Sul #14N, la violenza e l’austerity
Il primo bilancio della giornata è l’incredibile partecipazione di gente. In Italia e in Europa l’adesione allo sciopero è stata massiccia, sicuramente più di quante certe poltrone si aspettassero. Infatti il livello internazionale è stato subito tralasciato dai media, per concentrarsi su una dinamica più nazionale.
Nello stesso momento in tutta Europa si susseguivano manifestazioni e scontri con le stesse parole d’ordine: no all’austerità, no ai diktat europei della troika, no al governo attraverso il debito. Forse per la prima volta dall’esplosione della crisi europea c’è stato un momento condiviso di opposizione alle politiche centrali dettate dalla troika, che una per una si stanno abbattendo sugli stati europei, partendo dalla Grecia, passando per Spagna, Portogallo, Irlanda e Italia. Finalmente è risultato chiaro che, come l’attacco subito, anche la risposta debba essere obbligatoriamente transnazionale.
Questi fattori sui mezzi di comunicazione main stream si sono persi, andando a sostituirsi a un argomento ben più semplice da affrontare per i media nostrani: la cronaca. Infatti è la cronaca a fare da padrona, la dinamica degli scontri, la “mappa degli scontri”, il filmato dei manifestanti e il filmato della polizia. Dinamiche di piazza fini a se stesse e utili alla spettacolarizzazione della rivolta.
Però il ragionamento dev’essere anche e soprattutto sulle motivazioni dello scontro. E sull’utilizzo e il significato della violenza. La violenza dello scontro di piazza è una violenza “spettacolare”; il blocco nero, il fumo, le “truppe” che si muovono. Per una cultura ricchissima di film di guerra è sicuramente uno spettacolo da non perdere dalla televisione. Ma nient’altro è che una logica conseguenza a una violenza che è molto più sottile, è molto più infima e si nasconde nella vita di tutti i giorni.

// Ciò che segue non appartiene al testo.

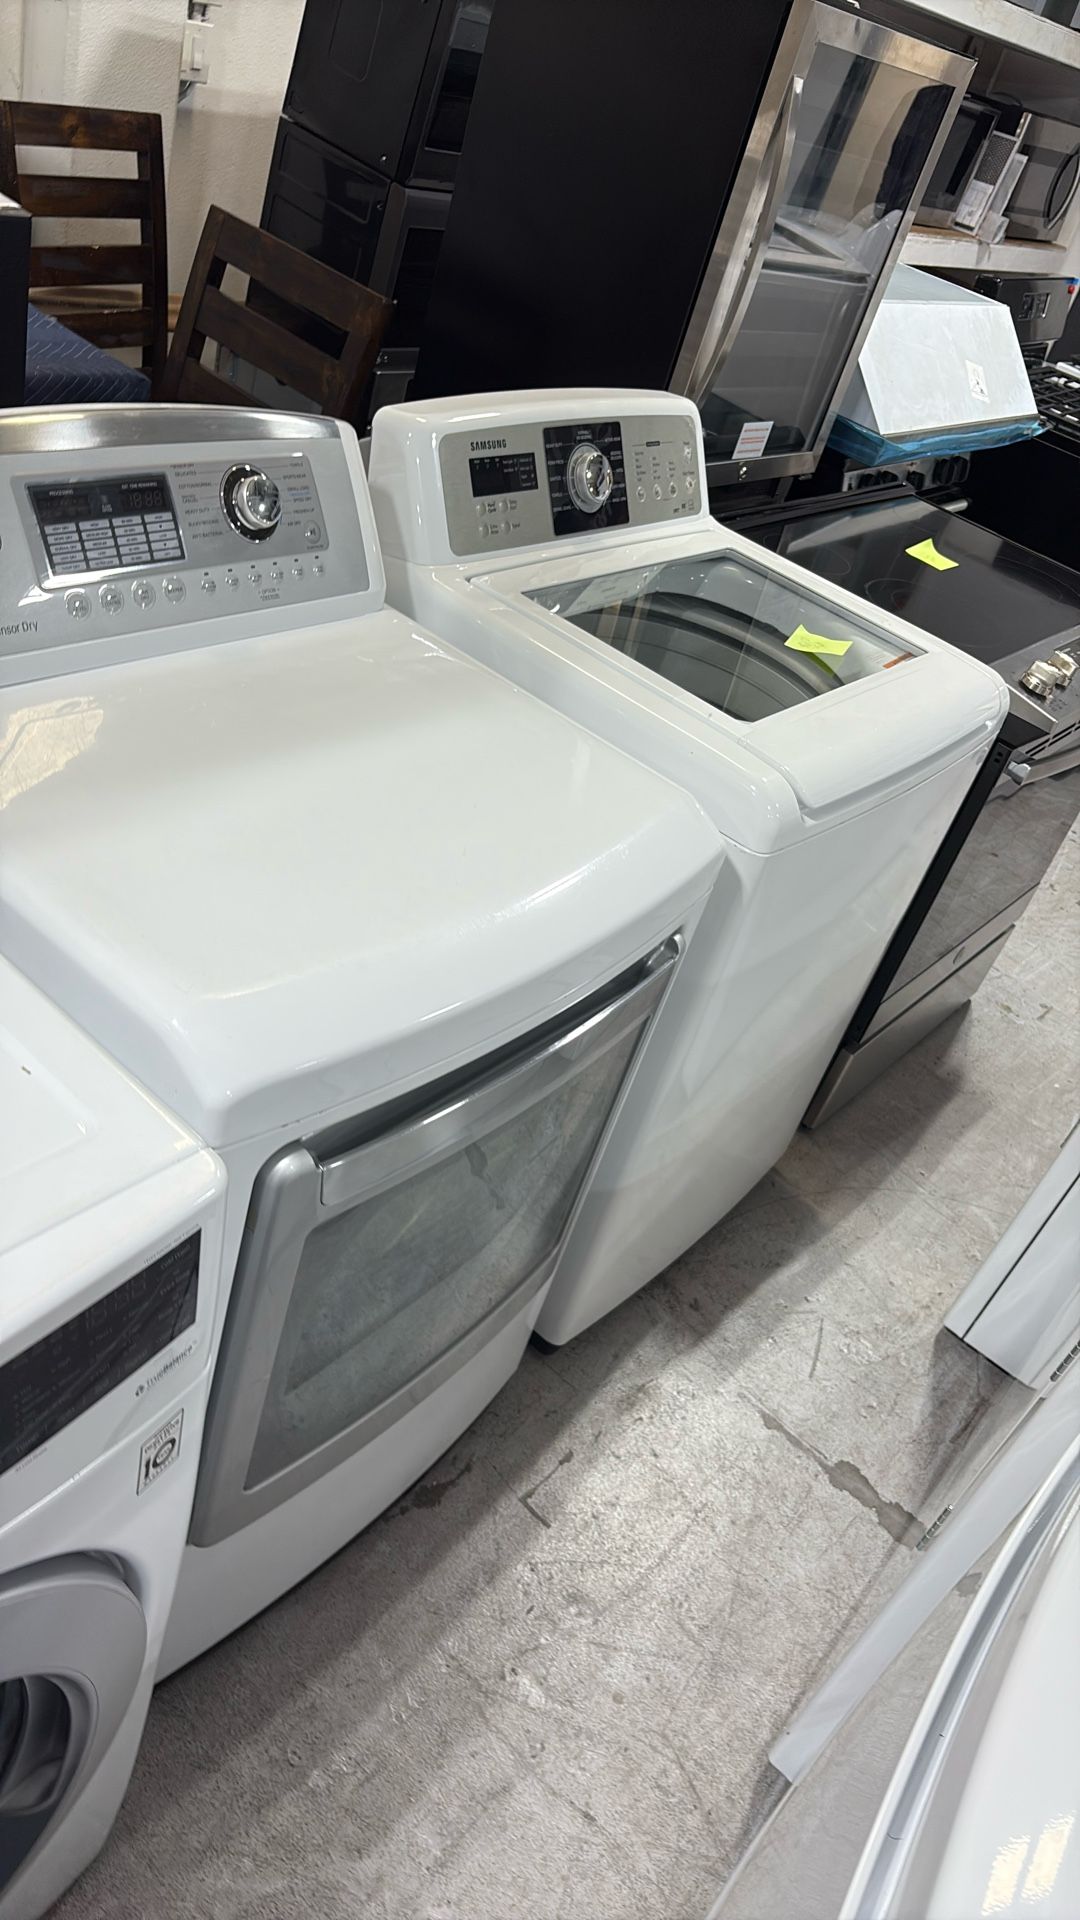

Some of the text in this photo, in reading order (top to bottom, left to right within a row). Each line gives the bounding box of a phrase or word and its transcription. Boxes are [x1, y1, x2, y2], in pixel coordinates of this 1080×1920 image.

[470, 438, 507, 452] SAMSUNG
[0, 620, 38, 636] nsor Dry
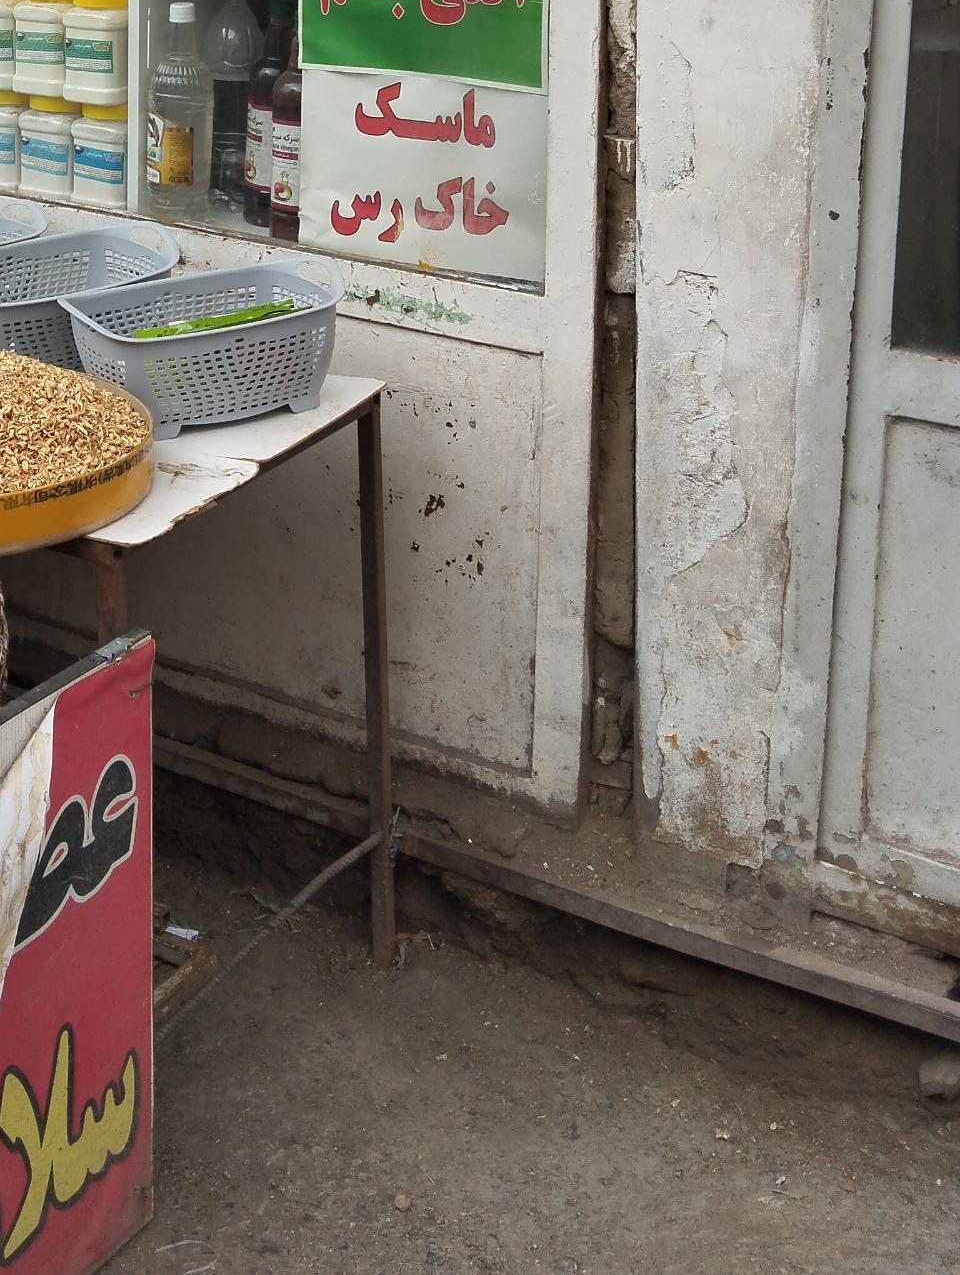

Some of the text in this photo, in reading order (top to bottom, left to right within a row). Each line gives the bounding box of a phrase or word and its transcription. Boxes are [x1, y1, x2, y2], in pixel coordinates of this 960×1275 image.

[355, 82, 496, 148] ماسک
[330, 176, 509, 243] خاک رس

E’ la violenza delle rinunce, la violenza dei sacrifici, mantra a cui l’attuale governo tecnico ci sta abituando. “Ce lo chiede l’europa” è la formula utilizzata per attuare i diktat europei che mirano al completo smantellamento dello stato sociale. La disoccupazione cresce quasi più velocemente del debito sovrano, i soldi diminuiscono e le persone hanno sempre meno autonomia. E l’altra faccia del governo tecnico, o meglio, la nostra faccia, perchè quella dei guadagni la vedono solamente le banche, le agenzie interinali, le grosse finanziarie.
Non siamo poveri, i beni di prima necessità ce li abbiamo tutti (almeno nella maggioranza, perchè alcuni iniziano a perdere anche quelli, altri non li hanno mai avuti), abbiamo però dovuto subire delle enormi privazioni in nome del risparmio, ma non siamo noi che dobbiamo risparmiare, non siamo noi che dobbiamo ripagare i debiti.
Questo è il fattore della rabbia. Per questo motivo gli studenti puntavano su banche, interinali, enti governativi e uffici europei, perchè sono i reali responsabili dell’enorme crisi economica e ce la stanno scaricando sulle spalle.
In mezzo però c’è la polizia. Soldatini al servizio dei poteri forti, in cui nella vita è stato insegnato a obbedire e picchiare. E questo fanno, a Milano a Roma, a Torino e in molte altre città. Difendono quello che gli hanno detto di difendere e picchiano indistintamente la controparte come se si trattasse di un avversario da sterminare.
C’è chi ha detto di questo 14N che “è stata una guerra”, ci permettiamo di dissentire. E’ stato un fuoco di rivolta, è stato il segnale che abbiamo gli occhi puntati nella direzione giusta e che non abbiamo paura della repressione.
Una guerra prevede due eserciti che si fronteggiano: il 14N ce n’era uno solo di esercito in piazza. Dall’altra parte c’erano studenti, lavoratori, precari che provavano a riconquistarsi il futuro, con ogni mezzo necessario.